Guy Turcotte lors de son second procès, en 2015, au palais de justice de Saint-Jérôme
Photo: Graham Hughes Archives La Presse canadienne Guy Turcotte lors de son second procès, en 2015, au palais de justice de Saint-Jérôme

La Cour d’appel rejette la demande de réduction de peine dont Guy Turcotte a écopé pour le meurtre de ses deux enfants. L’ex-cardiologue devra attendre 17 ans avant d’être admissible à une libération conditionnelle. 

Les juges Allan R. Hilton, Marie St-Pierre et Claudine Roy de la Cour d’appel du Québec maintiennent la peine de l’ex-cardiologue. 

Reconnu coupable des meurtres non prémédités de ses deux enfants, Guy Turcotte contestait le délai de 17 ans avant son admissibilité à une libération conditionnelle. L’ex-cardiologue demandait à ce que le délai soit réduit à « entre 10 et 15 ans ».

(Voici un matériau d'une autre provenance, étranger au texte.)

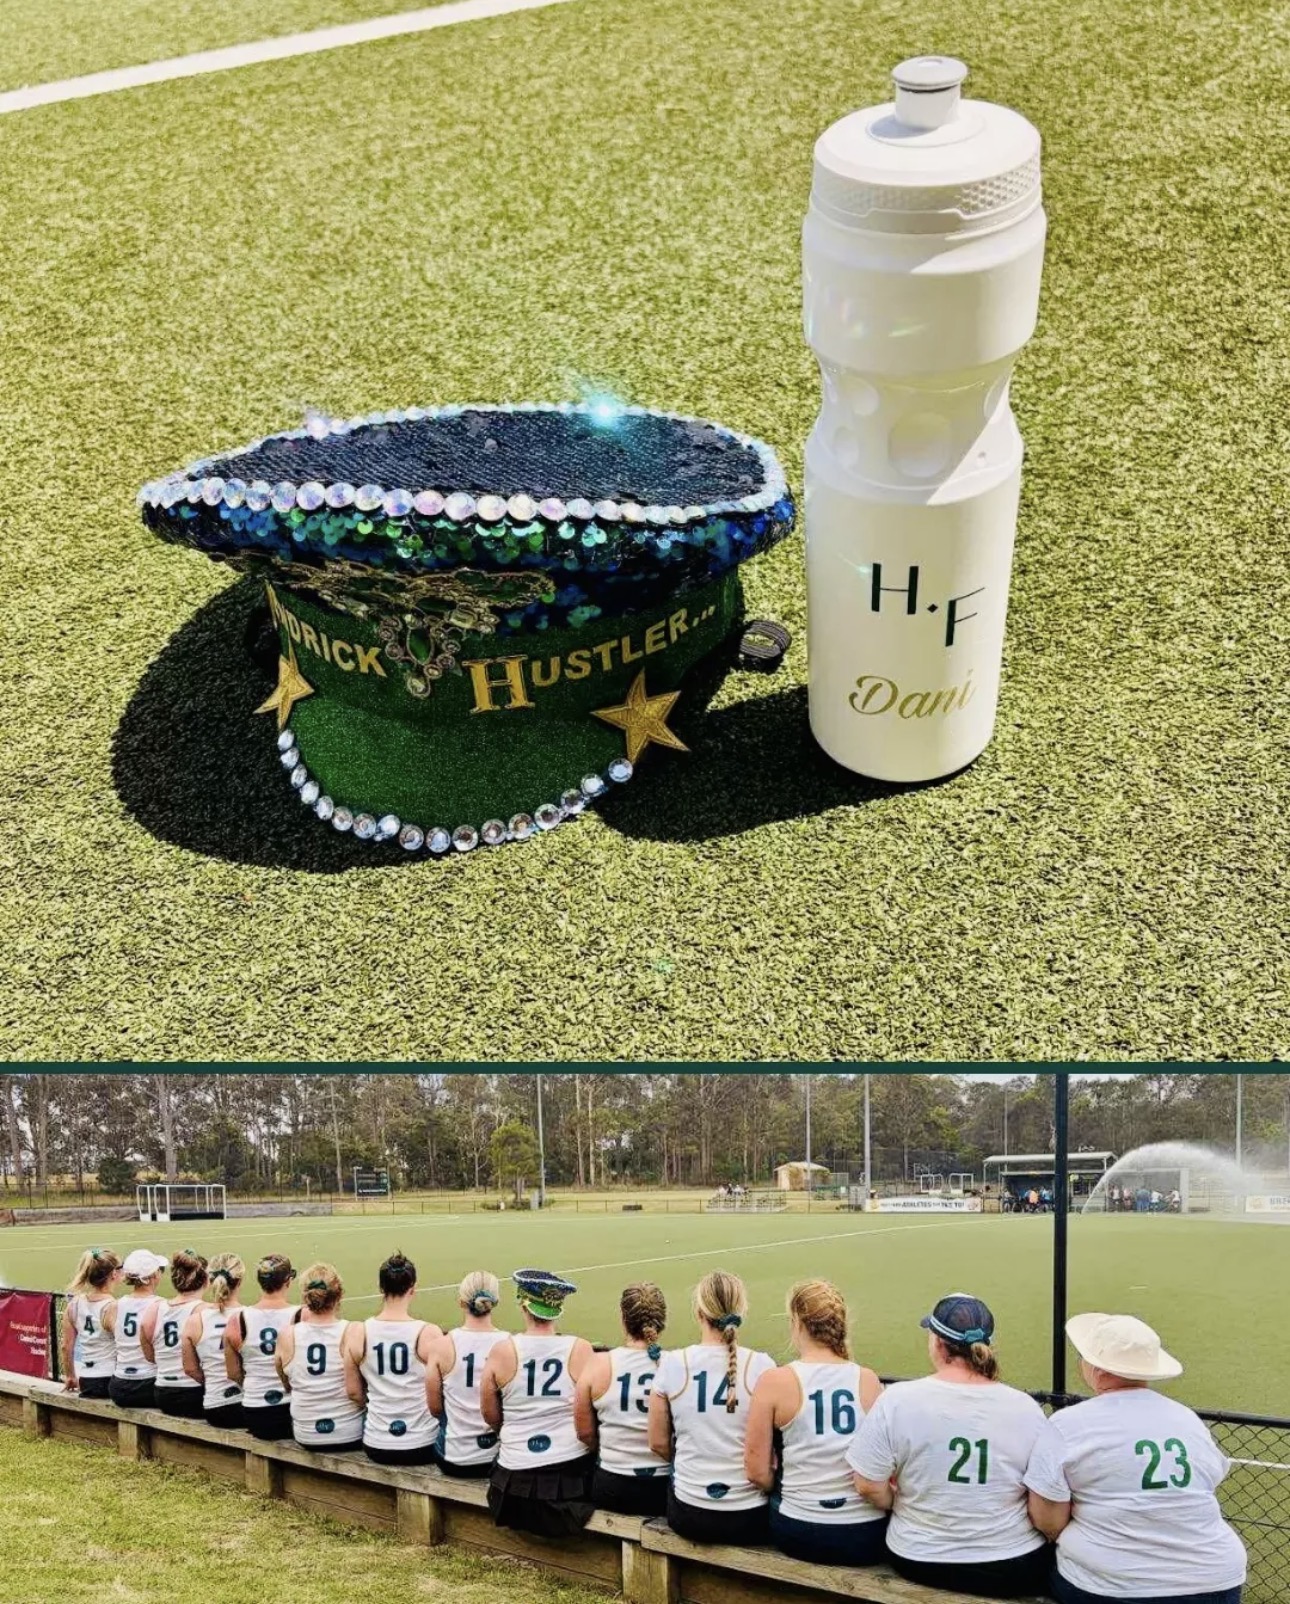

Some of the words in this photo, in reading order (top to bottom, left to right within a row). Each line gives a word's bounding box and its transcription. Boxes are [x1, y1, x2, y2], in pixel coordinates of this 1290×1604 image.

[848, 668, 976, 719] Dani
[83, 1315, 95, 1336] 4
[123, 1312, 138, 1337] 5
[163, 1321, 179, 1347] 6
[259, 1327, 278, 1356] 8
[307, 1343, 326, 1376] 9
[372, 1342, 410, 1376] 10
[523, 1358, 564, 1397] 12
[616, 1372, 655, 1412] 13
[693, 1370, 739, 1413] 14
[808, 1389, 856, 1435] 16
[947, 1437, 989, 1485] 21
[1134, 1437, 1192, 1490] 23

Son avocat, Me Pierre Poupart, avait plaidé en mars dernier que le juge André Vincent, de la Cour supérieure du Québec, n’a pas tenu compte de sa maladie mentale lorsqu’il lui a imposé sa peine en 2016.

Me Poupart avait notamment fait valoir que le juge Vincent n’a pas tenu compte de la crise suicidaire que traversait l’ancien cardiologue au moment du crime. 

« M. Turcotte n’est ni la première ni la dernière personne à perdre son conjoint. L’échec de son mariage ne peut avoir l’effet qu’il désire lui attribuer dans le processus de détermination de la peine, considérant tous les autres facteurs », écrit le juge Hilton. 
 

Le juge souligne également que la période d’inadmissibilité à la libération conditionnelle ne s’écarte pas de la fourchette de peine appropriée étant donné « la manière brutale et cruelle » dont les deux jeunes victimes ont été tuées. Il souligne également l’impact « dévastateur » sur la mère des enfants.

 

L’affaire Turcotte a ébranlé le Québec en 2009. Le 20 février de cette année-là, Guy Turcotte a poignardé ses enfants, Olivier, âgé de cinq ans, et Anne-Sophie, trois ans. Il avait aussi tenté de s’enlever la vie en buvant du liquide lave-glace.

Lors de son premier procès en 2011, il avait été déclaré criminellement non responsable. Le verdict a été infirmé en Cour d’appel et Guy Turcotte a subi un deuxième procès en 2015, à l’issue duquel il a été reconnu coupable du meurtre non prémédité d’Olivier et d’Anne-Sophie.